DEFINITION AND PATHOGENESIS

  • Cutaneous leiomyoma (leiomyoma cutis)
  • Arises from the piloerector muscles of skin (arrectores pilorum)
  • Angiomyoma (vascular leiomyoma, angioleiomyoma)
  • Solitary subcutaneous lesion with numerous thick-walled vessels; arise from vessel walls
  • Leiomyoma of deep soft tissue
  • A rare larger deep seated smooth muscle lesion of extremities, abdomen or retroperitoneum

IMPORTANCE

  • Differentiate from leiomyosarcoma

CLINICAL FEATURES

  • Cutaneous lesions
  • Often multifocal, small discrete papules up to 1-2cm, may follow dermatomal distribution
  • Most often involve extensor surfaces
  • May be associated with pain and tenderness, often paroxysmal
  • Usually 15-25 years of age, occasionally younger, even at birth
  • May be familial, ? AD
  • Multiple lesions associated with:
    • Dermatitis herpetiformis; HLA-B8
    • Premature uterine leiomyomas
    • ? erythropoietin
    • MEA Type I
    • Have been associated with HIV
    • Angiomyoma (vascular leiomyoma, angioleiomyoma)
  • Patients generally 30-60 years of age
  • Lower leg most often affected (67%), UE in 22%
  • M:F = 1:1-2
  • 50% with pain ? exacerbation with pressure, temperature change, pregnancy, menses
  • Intraneural location in the median nerve has been reported, dispersing fascicles around the lesion
  • Deep soft tissue lesions

RADIOLOGIC FEATURES

  • Lesions may be calcified
  • MRI
    • hyperintense to skeletal muscle on T1 and hyper- and isointense areas on T2 weighted images
    • Signal voids within the mass in angiomyomas may represent vessels

GROSS PATHOLOGY

  • Cutaneous lesions poorly defined, blending in with dermal collagen
  • Angiomyomas are subcutaneous circumbscribed, grayish-white glistening nodules, rarely with Ca++, visibly contract when manipulated, most <2cm in diameter
  • Deep seated lesions are grayish-white small circumscribed tumors which may be gelatinous in nature

HISTOLOGIC FEATURES

  • Masson trichrome and PTAH (phosphotungstic acid-hematoxylin) demonstrates myofibrils
  • EM: myofilaments, surface pinocytotic vesicles, basal laminae
  • Angiomyoma
    • Nodule of smooth muscle fibers swirling away from thick-walled vessels, ? areas of hyalinization, calcification; nerve fibers within capsule and in the lesion
  • Deep seated lesions
  • Intersecting muscle cells ? degenerative changes
  • May have nuclear palisading and perinuclear vaculolization
  • Cytoplasmic glycogen and fuchsinophilia, and longitudinal striations
  • Rarely with "clear cell cytoplasmic changes"
  • + desmin in benign smooth muscle tumors
  • Regressive changes: fibrosis, calcification, and rarely ossification in large lesions
  • Focal calcification may look like psammoma bodies
  • Rarely with nuclear atypia but not mitoses (pleomorphic leiomyoma)

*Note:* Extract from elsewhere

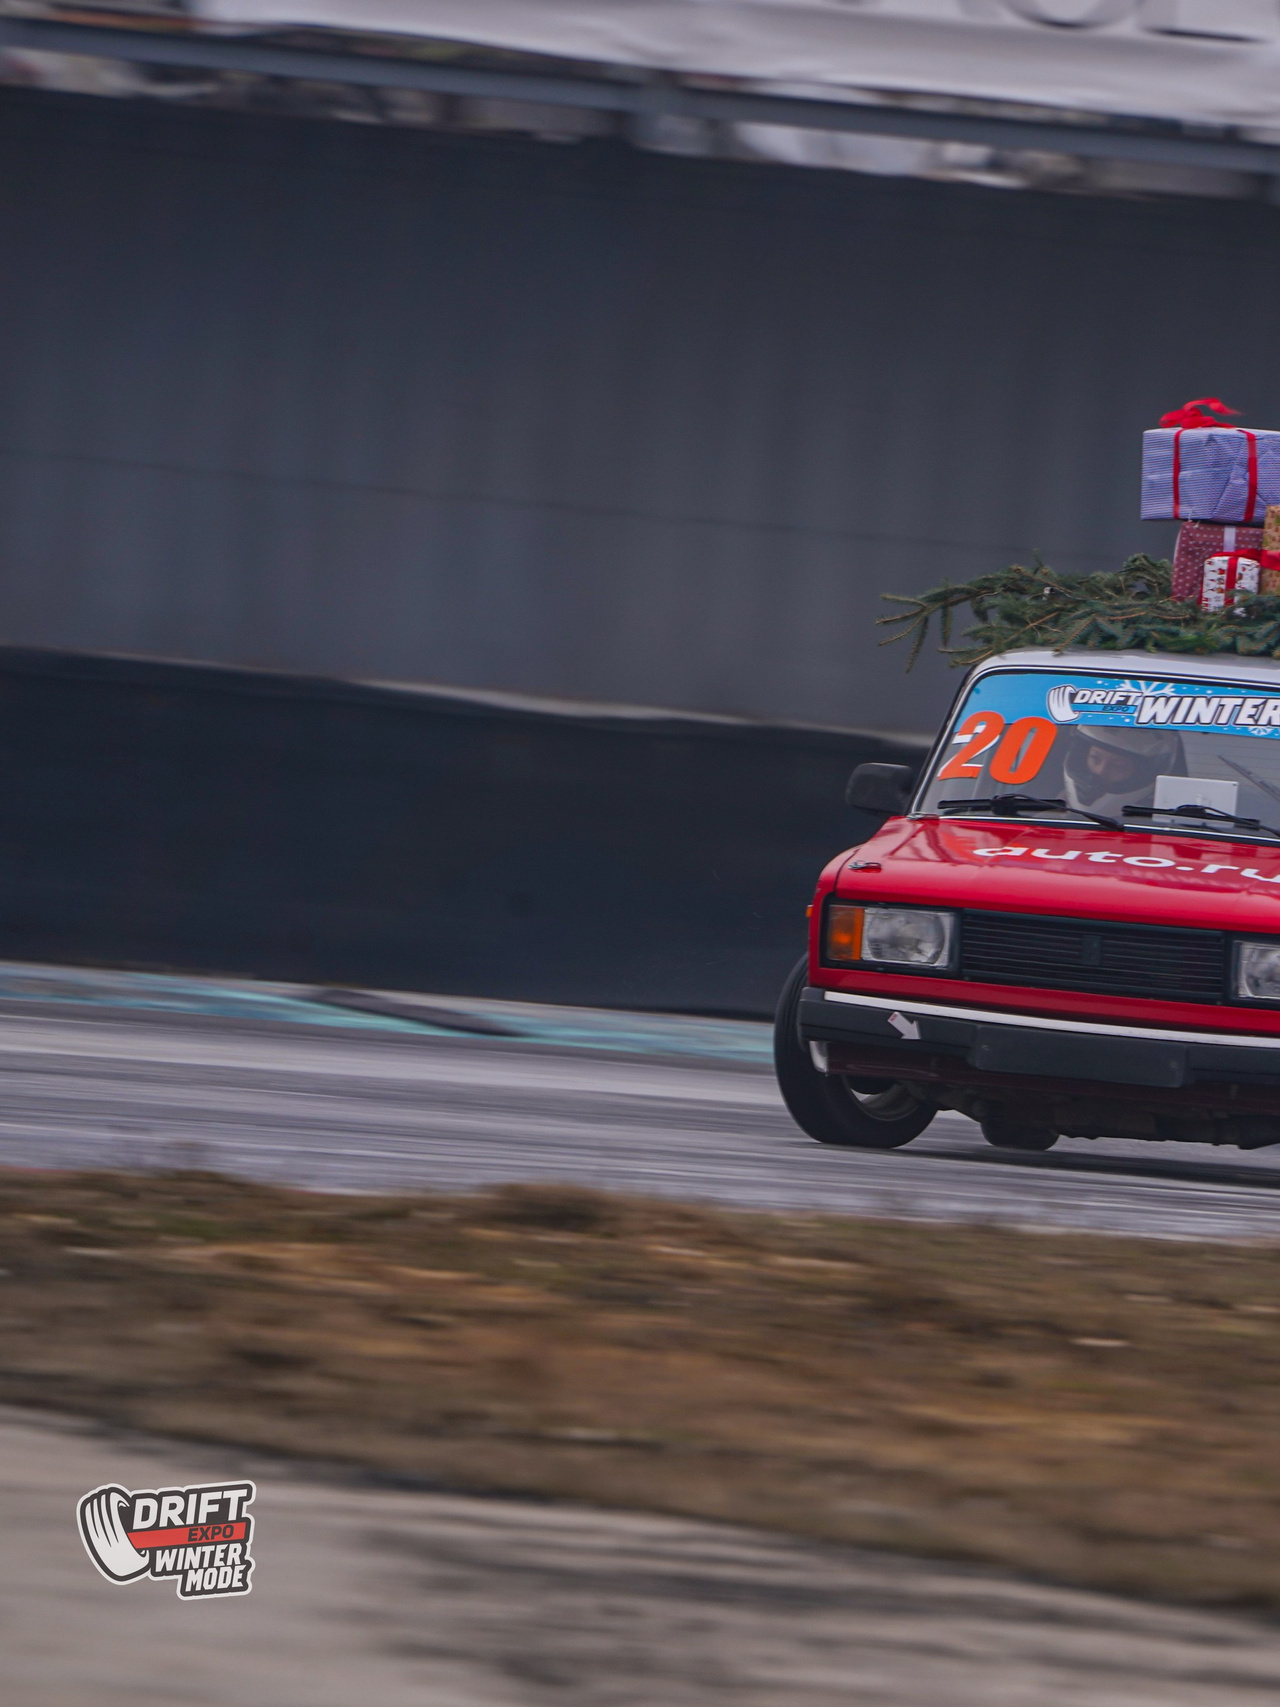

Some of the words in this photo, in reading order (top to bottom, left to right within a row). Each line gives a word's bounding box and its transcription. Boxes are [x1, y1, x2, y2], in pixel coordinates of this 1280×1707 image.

[1073, 689, 1143, 706] DRIFT
[1101, 704, 1130, 712] EXPO
[937, 710, 1058, 785] 20

DIFFERENTIAL CLINICOPATHOLOGIC DIAGNOSIS

  • Hamartomatous deposits of smooth muscle
  • Dermatofibroma (cutaneous fibrous histiocytoma)
  • Nodular fasciitis or myoma when deep seated lesions undergo myxoid changes
  • Clear cell carcinoma or melanoma when with clear cell changes
  • Leiomyosarcoma in deep seated lesions

DISEASE COURSE AND TREATMENT

  • Cutaneous lesions
    • 50% develop recurrences or new cutaneous lesions
  • Nitroglycerin and phenoxybenzamine may be helpful for symptomatic relief
  • Angiomyomas
    • Simple excision resolves pain, rarely recur
    • Malignant transformation has been reported in a LR in a digital location
  • Deep leiomyomas
    • Require complete excision
    • Too rare to determine prognosis
  • Angioleiomyoma has been reported occurring within bone
  • Beware of sampling error missing dx of leiomyosarcoma
  • Two subcategories:
    • Leiomyomas of somatic soft tissue
      • Estrogen and progesterone receptor -
      • No LR or metastasis
      • 1-4 mitoses/50 HPF
    • Retroperitoneal-abdominal leiomyomas
      • F>>M
      • Distinct from the uterus
      • Occasionally multiple
      • Usually estrogen +, always progesterone +
      • 1-10 mitoses/50 HPF
      • LR with + margin has been reported

SPECIAL CONSIDERATION

  • CUTANEOUS LEIOMYOMA

  • MYOLIPOMA, LIPOLEIOMYOMA

  • ANGIOLEIOMYOMA

REFERENCES

Billings SD, Folpe AL, Weiss SW: Do leiomyomas of deep soft tissue exist? An analysis of highly differentiated smooth muscle tumors of deep soft tissue supporting two distinct subtypes. Am J Surg Pathol 25:1134-42,2001.
Bogumill GP, Sullivan DJ, Baker GI: Tumors of the hand 108:214-22,1975.
Botte MJ, Silver MA: Leiomyoma of a digital artery. Clin Orthop 260:259-62,1990.
Bulmer JH: Smooth muscle tumors of the limbs. J Bone Joint Surg 49B:52-8,1967.
Callé SC, Eaton RG, Littler JW: Vascular leiomyomas in the hand. J Hand Surg 19A:281-6,1994.
Cooperman B, McAllister FF, Smith FM: Recurrent calcified leiomyoma of the pelvis and gluteal regions complicated by pregnancy. J Bone Joint Surg 40A:1149-53,1958.
Dockery GL, Wendel RE: Benign vascular leiomyoma-angioma of the digit: a case report. J Am Podiatry Assoc 69:438-9,1979.
Drew EJ: Large leiomyoma of upper extremity. Am J Surg 112:938-40,1966.
Duinslaeger L, Vierendeels T, Wylock P: Vascular leiomyoma in the hand. J Hand Surg 12A:624-7,1987.
Enzinger FM, Weiss SW: Benign Tumors of Smooth Muscle. In Soft Tissue Tumors FM Enzinger and SW Weiss (Eds), C.V. Mosby Co., St. Louis (3rd ed) 1995, pp 467-90.
Fernandez-Pugnaire MA, Delgado-Florencio V: Familial multiple cutaneous leiomyomas. Dermatology 191:295-8,1995.
Freedman AM, Meland NB: Angioleiomyoma of the extremities. Report of a case and review of the Mayo Clinic experience. Plastic Reconstr Surg 83:328-331,1989.
Galinski AW, Aune CJ: Benign leiomyoma of the foot: a case report. Clin Podiatr Med Surg 5:359-62,1988.
Giannakopoulos PN, Sotereanos DG, Tomaino MM, Goodman MA, Herndon JH: Benign and malignant muscle tumors in the hand and forearm. Hand Clin 11:191-201,1995.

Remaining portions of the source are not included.